● What is needed
Could you transcribe each entry below exactly, minus the images?

● Input
------------------------

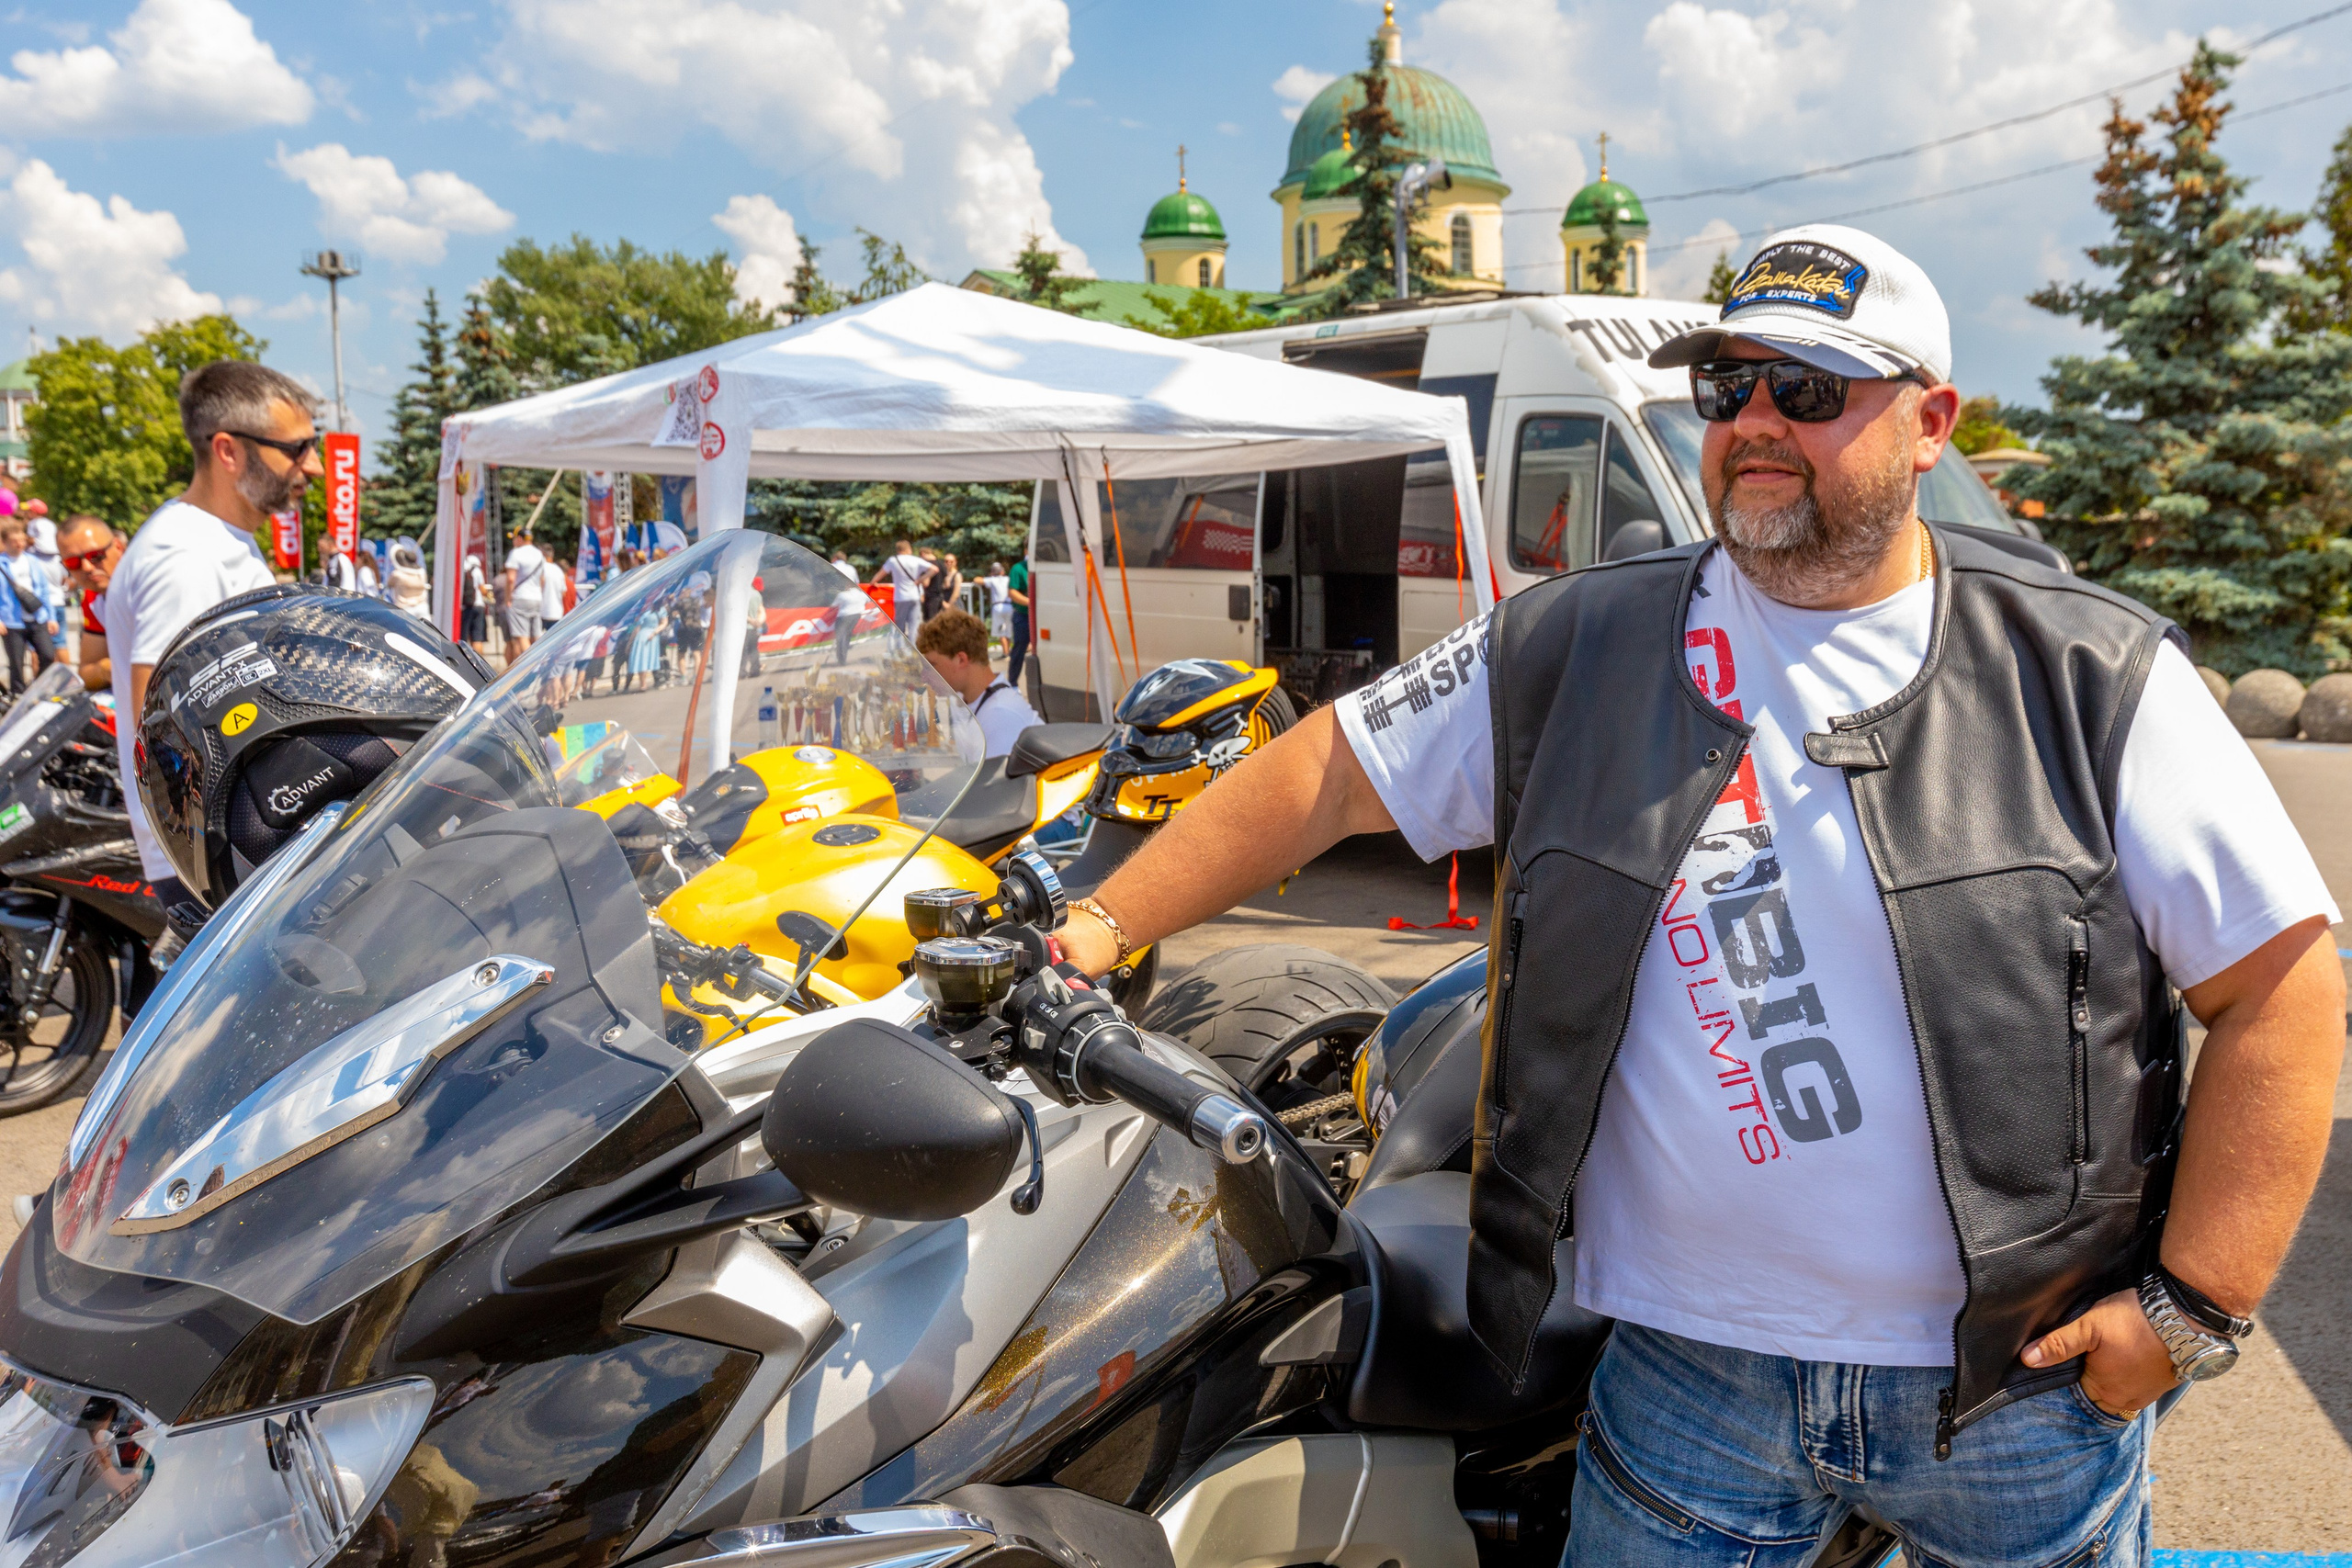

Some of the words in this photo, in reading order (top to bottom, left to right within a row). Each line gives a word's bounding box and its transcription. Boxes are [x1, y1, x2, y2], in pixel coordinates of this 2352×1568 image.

[1790, 243, 1815, 254] THE
[1818, 248, 1851, 270] BEST
[1738, 291, 1758, 304] FOR
[1766, 289, 1818, 303] EXPERTS
[334, 448, 356, 552] auto.ru
[170, 641, 258, 714] LS2
[233, 713, 250, 730] A
[280, 766, 335, 807] ADVANT
[1661, 877, 1710, 967] NO
[1707, 886, 1864, 1144] BIG
[1685, 976, 1781, 1165] LIMITS

------------------------

● Result of the exercise
Some of the words in this photo, in reading order (top to bottom, left to right within a row). Each line gives a word's bounding box and its transcription. Boxes are [x1, y1, x2, y2], in pixel coordinates of this 2352×1568 image.

[1790, 243, 1815, 254] THE
[1818, 248, 1851, 270] BEST
[1738, 291, 1758, 304] FOR
[1766, 289, 1818, 303] EXPERTS
[334, 448, 356, 552] auto.ru
[170, 641, 258, 714] LS2
[233, 713, 250, 730] A
[280, 766, 335, 807] ADVANT
[1661, 877, 1710, 967] NO
[1707, 886, 1864, 1144] BIG
[1685, 976, 1781, 1165] LIMITS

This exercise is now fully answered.